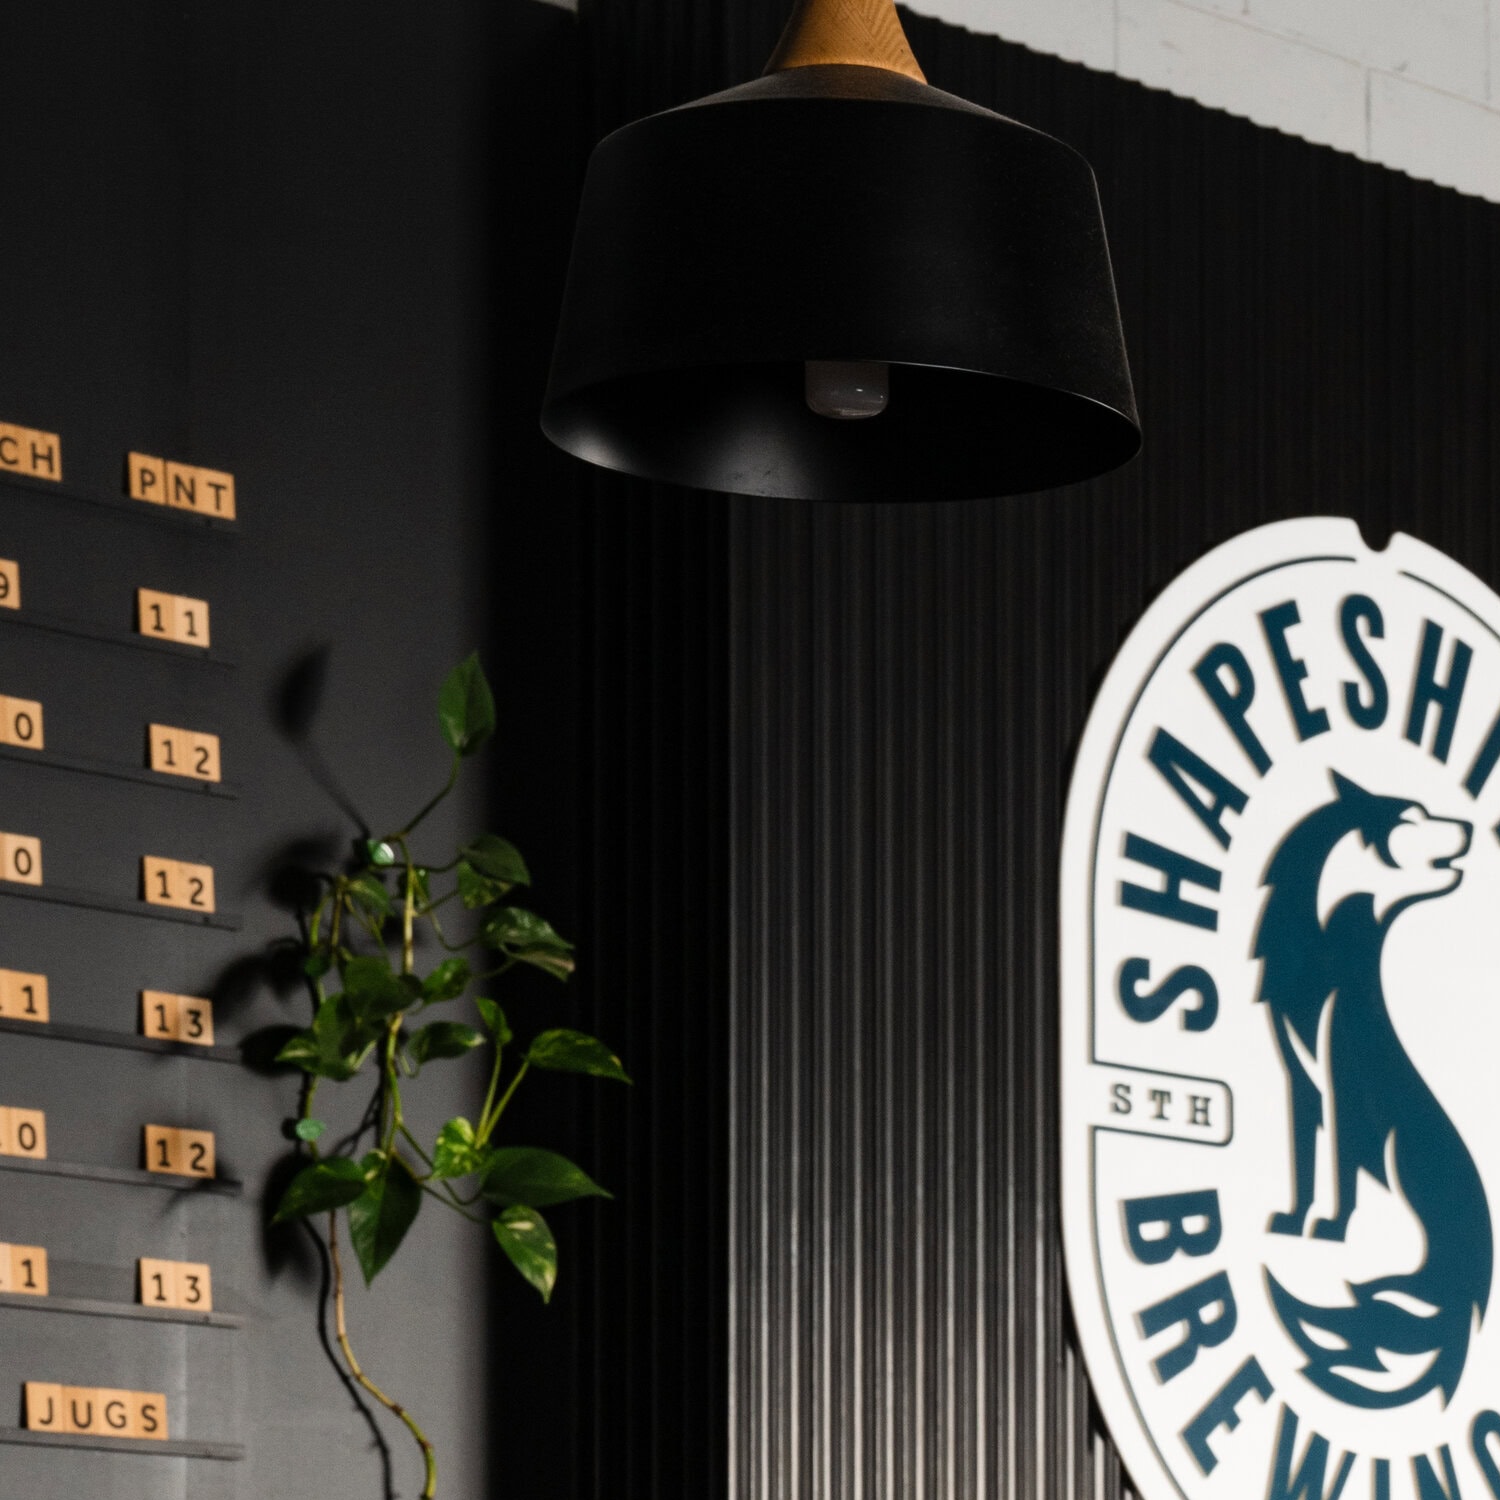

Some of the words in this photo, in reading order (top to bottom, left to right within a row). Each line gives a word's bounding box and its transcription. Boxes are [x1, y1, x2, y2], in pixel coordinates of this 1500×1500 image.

[140, 467, 228, 511] PNT
[151, 604, 198, 638] 11
[161, 739, 210, 775] 12
[157, 870, 205, 906] 12
[156, 1003, 204, 1038] 13
[1110, 1083, 1214, 1128] STH
[157, 1138, 206, 1172] 12
[152, 1272, 201, 1305] 13
[39, 1396, 158, 1433] JUGS

- **What is required**:
Write out the listing word for word, omitting the pictures it holds.

- **Written response**:
Some of the words in this photo, in reading order (top to bottom, left to right within a row). Each line gives a word's bounding box and its transcription. Boxes are [x1, y1, x2, y2], in pixel coordinates of this 1500×1500 image.

[140, 467, 228, 511] PNT
[151, 604, 198, 638] 11
[161, 739, 210, 775] 12
[157, 870, 205, 906] 12
[156, 1003, 204, 1038] 13
[1110, 1083, 1214, 1128] STH
[157, 1138, 206, 1172] 12
[152, 1272, 201, 1305] 13
[39, 1396, 158, 1433] JUGS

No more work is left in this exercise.